### Work task
Apart from the pictures, reproduce the data below exactly as it stands.

Items from a data source:
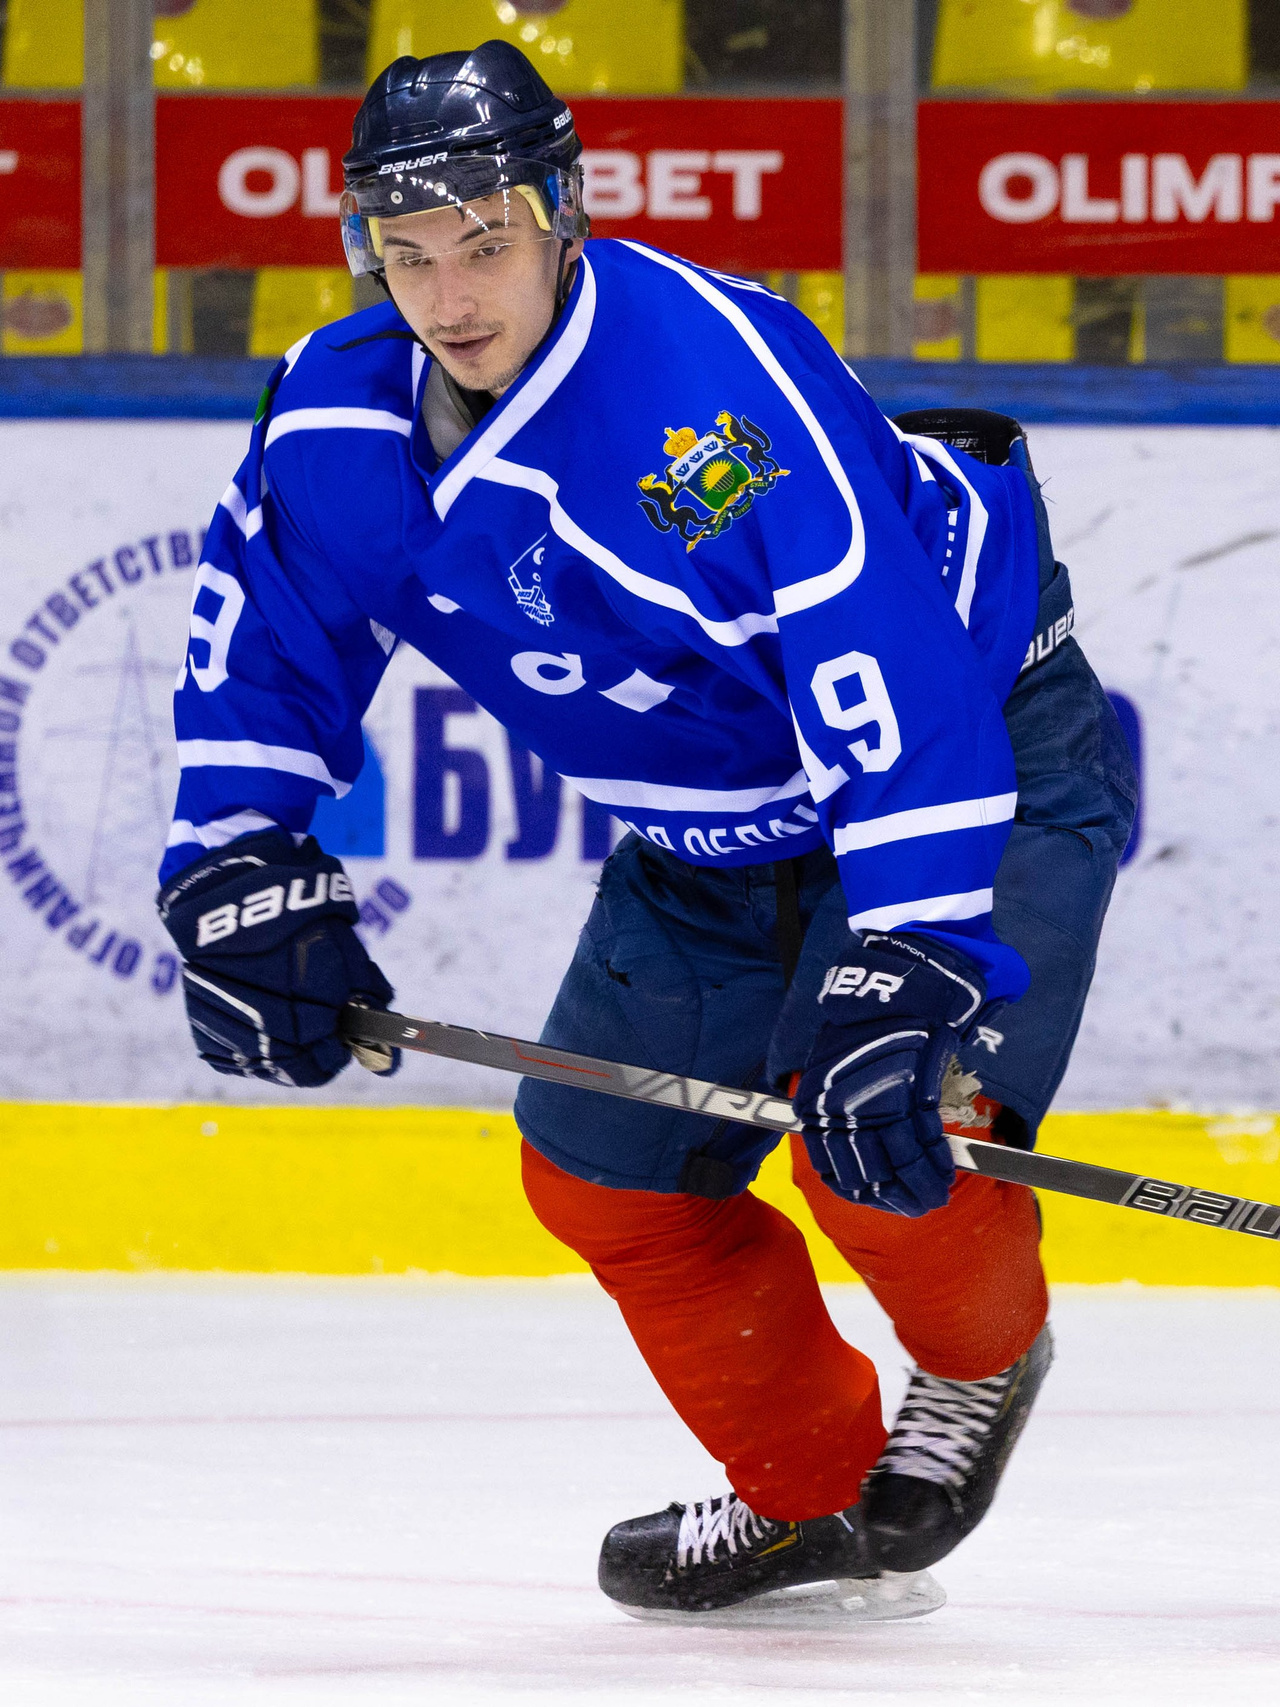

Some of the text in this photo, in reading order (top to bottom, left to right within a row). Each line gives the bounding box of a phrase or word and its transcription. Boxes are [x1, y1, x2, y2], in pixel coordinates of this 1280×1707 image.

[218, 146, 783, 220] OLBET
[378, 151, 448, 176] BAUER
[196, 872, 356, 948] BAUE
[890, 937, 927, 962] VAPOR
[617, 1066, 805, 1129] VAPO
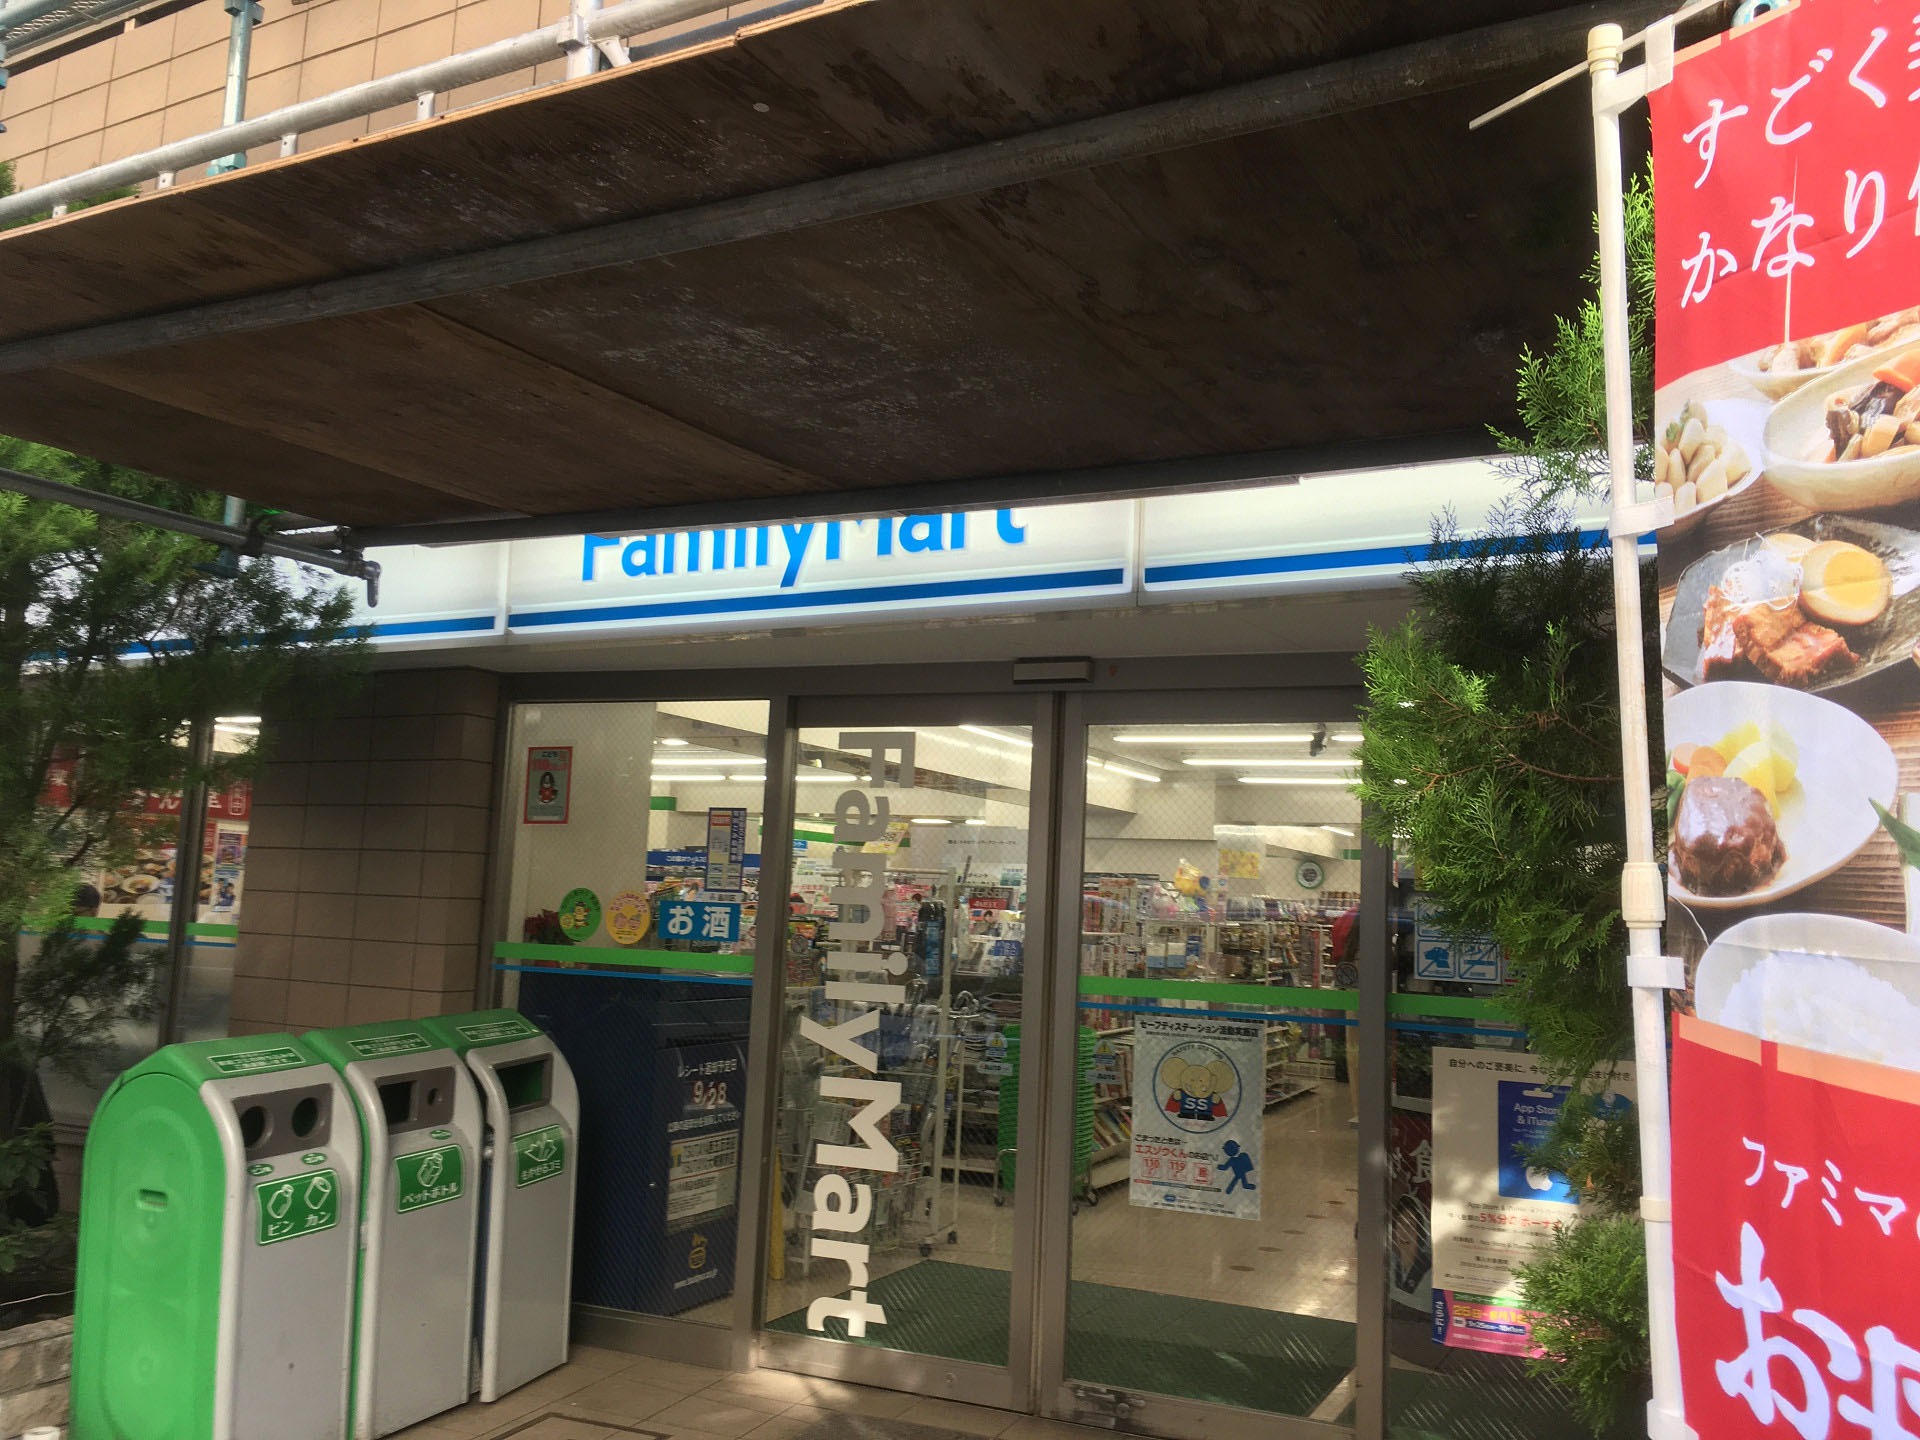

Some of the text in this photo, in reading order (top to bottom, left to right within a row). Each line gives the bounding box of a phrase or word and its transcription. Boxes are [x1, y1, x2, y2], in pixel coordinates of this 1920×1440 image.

### Solution below
Some of the text in this photo, in reading order (top to bottom, left to right within a row). Each line gives the bounding box of a phrase or word and its transcription. Boxes are [x1, y1, x2, y2], in pixel coordinates of this 1280×1707 image.

[218, 146, 783, 220] OLBET
[378, 151, 448, 176] BAUER
[196, 872, 356, 948] BAUE
[890, 937, 927, 962] VAPOR
[617, 1066, 805, 1129] VAPO

Some of the text in this photo, in reading order (top to bottom, left to right within a row). Each line gives the bounding box of a phrase or word and its transcription. Boxes are [x1, y1, x2, y2], in pixel coordinates of this 1920×1440 image.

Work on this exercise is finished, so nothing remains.